5 avril 2023

Travaux en cours, prière de ne pas dé'rogé !


Si je vous parle d'un célèbre Roger qui a pris sa retraite bien méritée l'année dernière, sans doute pensez-vous spontanément au tennisman suisse Federer et vous auriez tout à fait raison même si pour ma part, c'est un autre que j'avais en tête. Pas un Roger d'ailleurs, mais un Rogé que vous avez sans doute toutes et tous eu l'occasion de croiser un jour dans votre salle de bains, celle de vos parents, celle de vos grands-parents ou même celle de vos arrières grands-parents puisqu'il s'agit d'une marque qui va célébrer ses 100 ans l'année prochaine, j'ai nommé Rogé Cavaillès.
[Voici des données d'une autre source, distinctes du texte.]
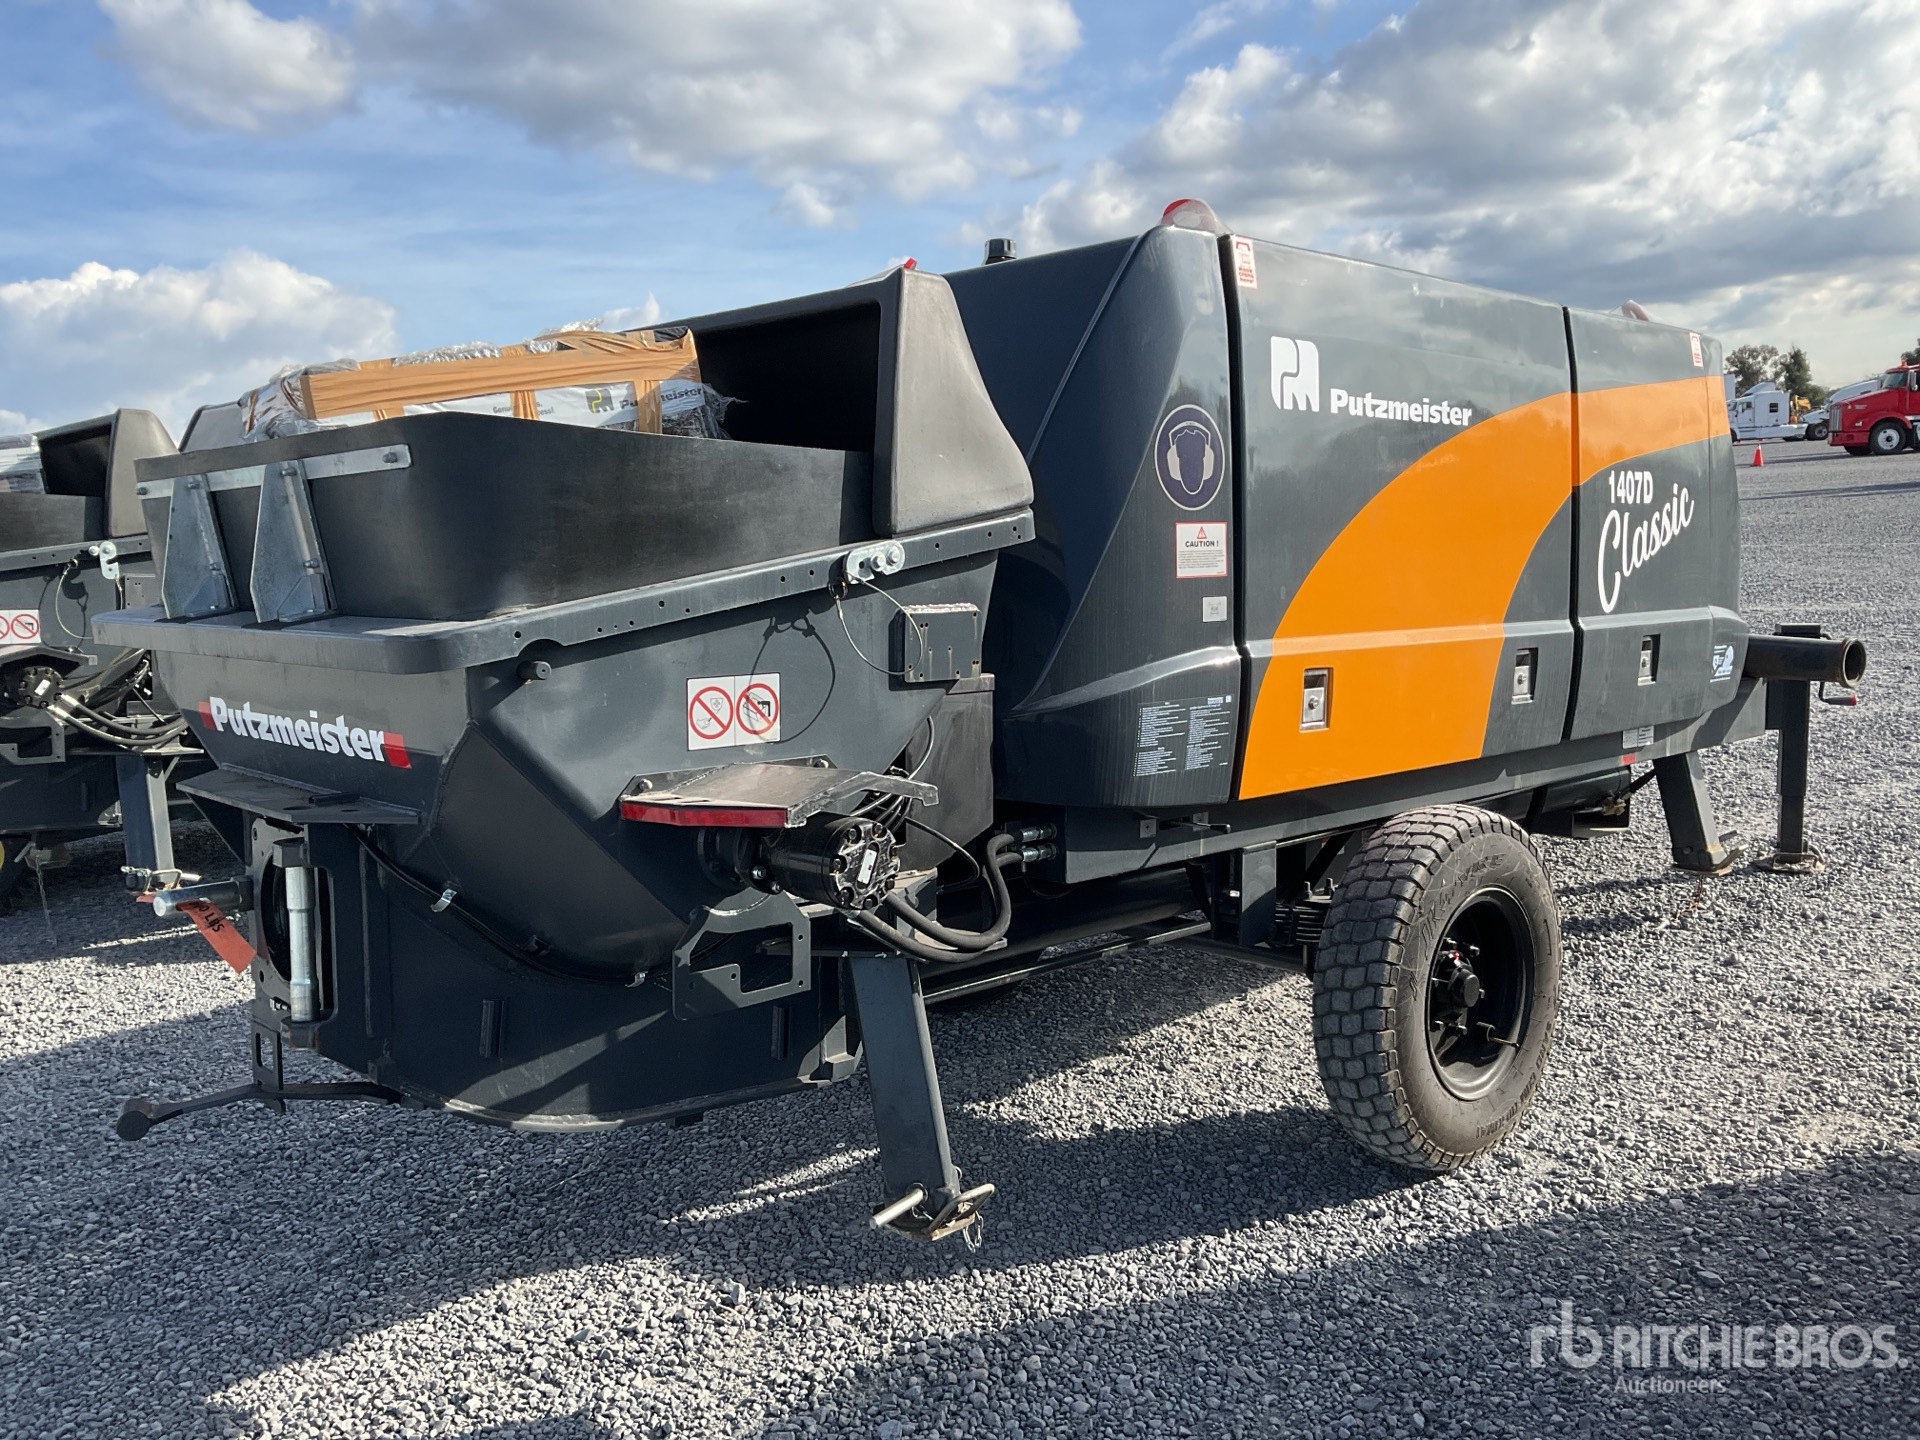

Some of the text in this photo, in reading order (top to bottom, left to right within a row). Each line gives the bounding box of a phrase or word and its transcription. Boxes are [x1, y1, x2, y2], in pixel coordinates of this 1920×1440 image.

Non pas que la marque aie disparu, bien au contraire mais désormais, elle ne s'appelle plus Rogé Cavaillès (qui pour info et parce que c'est ce à quoi on pense assez spontanément n'a pas été créée par un mec qui s'appelait Rogé Cavaillès mais par deux personnes, Monsieur Rogé et Monsieur Cavaillès) mais uniquement Cavaillès (tant pis pour Monsieur Rogé du coup, qui passe un peu à l'as). 

C'est peut-être un détail pour vous (allez, tous ensemble, "mais pour moi ça veut dire beaucoup") mais vous conviendrez tout de même qu'une marque qui change son nom, on ne voit pas ça tous les jours, c'est un peu le truc le plus crazy que peut faire une entreprise pour se repositionner / moderniser son image. J'ai pu échanger avec Antoine Troegeler, le Directeur Marketing de Rogé Cavaillès (comme vous et au regard de telles aptitudes pour l'investigation, je ne comprends même pas pourquoi Elise Lucet ne m'a pas encore contacté pour rejoindre son crew) qui m'expliquait que 1) c'était quelque chose qui se mettait en place naturellement depuis plusieurs années déjà, la place du mot Rogé diminuait peu à peu sur les étiquettes et que 2) c'est finalement une initiative que prennent pas mal de licences qui ont dans leur nom un prénom un peu old school. Pas faux lorsqu'on y pense, et qui se souvient qu'il y a encore 20 ans, on ne disait pas Saint-Laurent mais Yves Saint-Laurent, ou bien encore qu'on ne parlait pas d'un parfum Dior mais d'une fragrance Christian Dior...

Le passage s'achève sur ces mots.